WORK INSTRUCTION: Please return all of the records verbatim, with the pictures omitted.

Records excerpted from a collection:
────────────────────

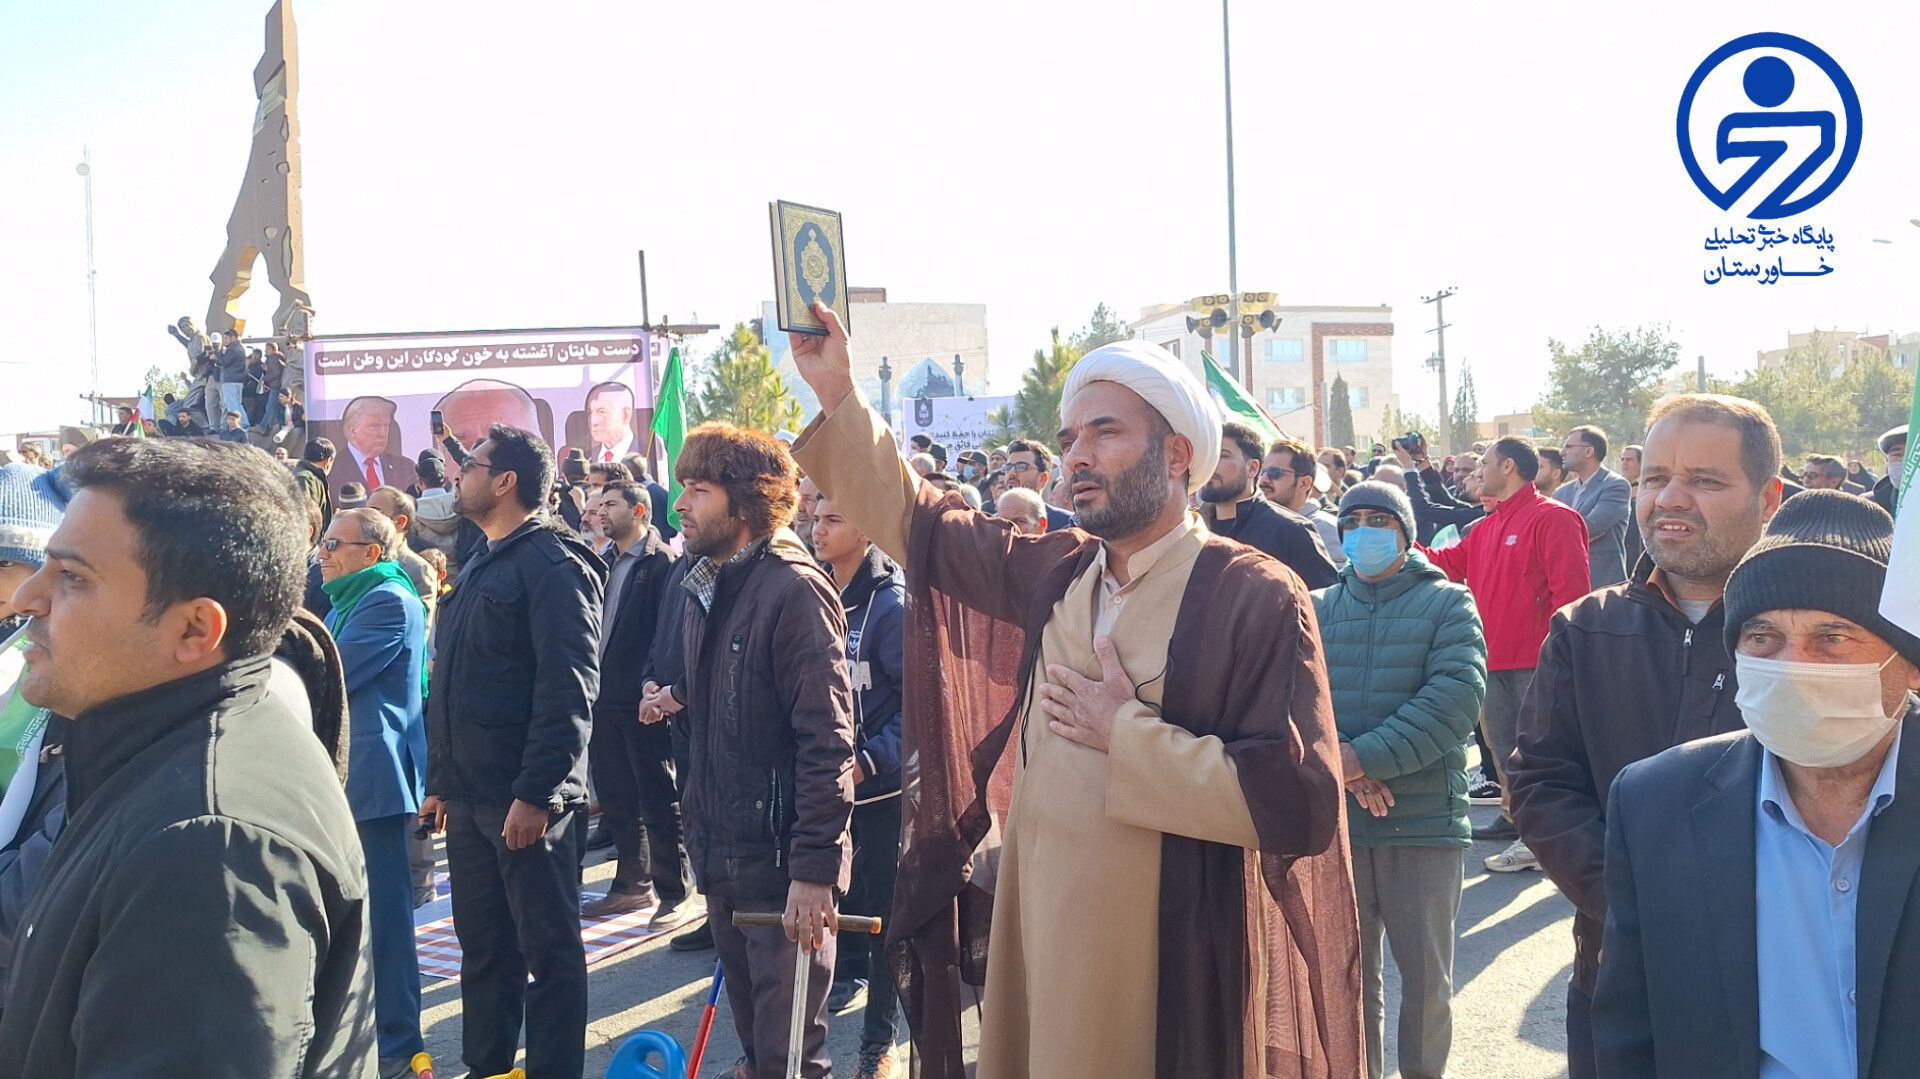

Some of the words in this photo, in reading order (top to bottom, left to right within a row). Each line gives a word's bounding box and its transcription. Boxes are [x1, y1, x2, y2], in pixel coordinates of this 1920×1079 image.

[411, 349, 461, 369] کودکان
[461, 346, 493, 367] خون
[495, 347, 509, 364] به
[512, 343, 555, 361] آغشته
[557, 342, 600, 363] هایتان
[602, 342, 640, 357] دست
[317, 353, 351, 369] است
[352, 352, 384, 372] وطن
[386, 350, 409, 370] این
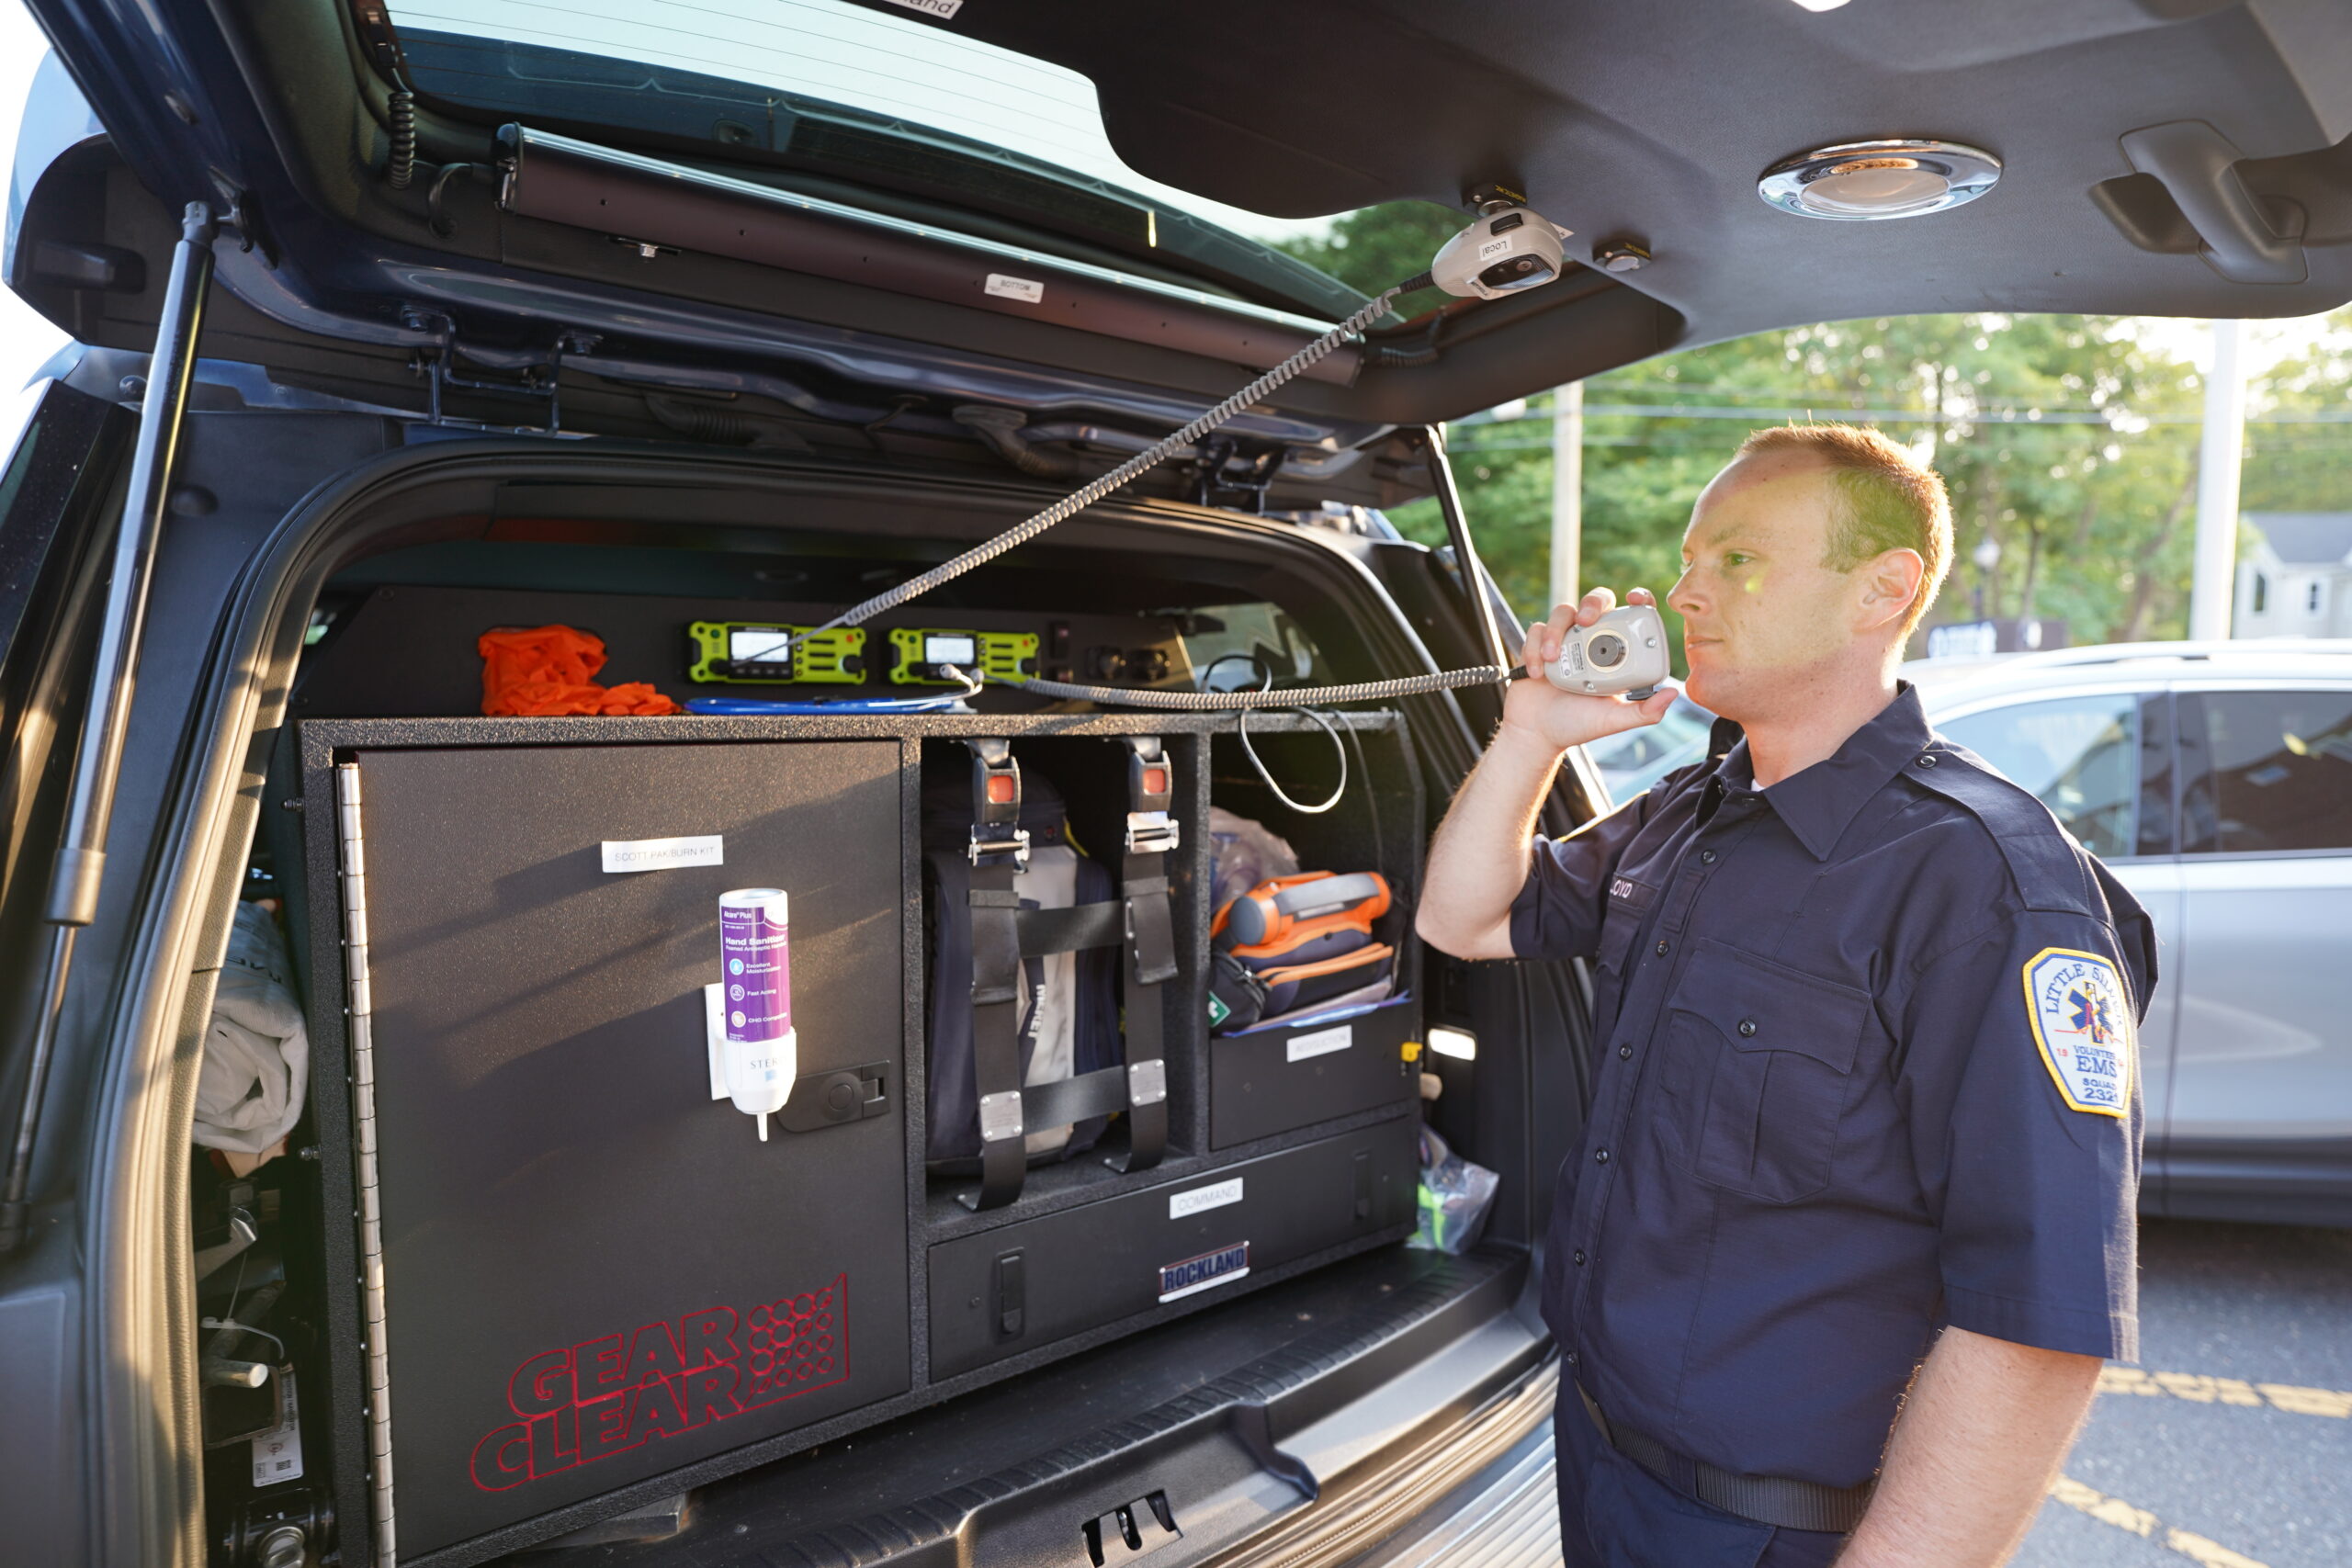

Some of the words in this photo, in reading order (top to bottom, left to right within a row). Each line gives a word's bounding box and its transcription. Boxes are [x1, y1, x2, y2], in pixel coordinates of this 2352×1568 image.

[1481, 241, 1508, 257] Local
[615, 851, 647, 863] SCOTT
[725, 937, 747, 946] Hand
[2046, 963, 2086, 1015] LITTLE
[2075, 1055, 2117, 1078] EMS
[1178, 1185, 1238, 1212] COMMAND
[1164, 1247, 1245, 1291] ROCKLAND
[507, 1305, 741, 1418] GEAR
[470, 1363, 742, 1492] CLEAR

────────────────────

EXERCISE SOLUTION:
Some of the words in this photo, in reading order (top to bottom, left to right within a row). Each line gives a word's bounding box and its transcription. Boxes are [x1, y1, x2, y2], in pixel coordinates of this 1920×1079 image.

[411, 349, 461, 369] کودکان
[461, 346, 493, 367] خون
[495, 347, 509, 364] به
[512, 343, 555, 361] آغشته
[557, 342, 600, 363] هایتان
[602, 342, 640, 357] دست
[317, 353, 351, 369] است
[352, 352, 384, 372] وطن
[386, 350, 409, 370] این

Some of the words in this photo, in reading order (top to bottom, left to right within a row). Each line gives a word's bounding box and its transcription. Boxes are [x1, y1, x2, y2], in pixel coordinates of this 2352×1568 image.

[1481, 241, 1508, 257] Local
[615, 851, 647, 863] SCOTT
[725, 937, 747, 946] Hand
[2046, 963, 2086, 1015] LITTLE
[2075, 1055, 2117, 1078] EMS
[1178, 1185, 1238, 1212] COMMAND
[1164, 1247, 1245, 1291] ROCKLAND
[507, 1305, 741, 1418] GEAR
[470, 1363, 742, 1492] CLEAR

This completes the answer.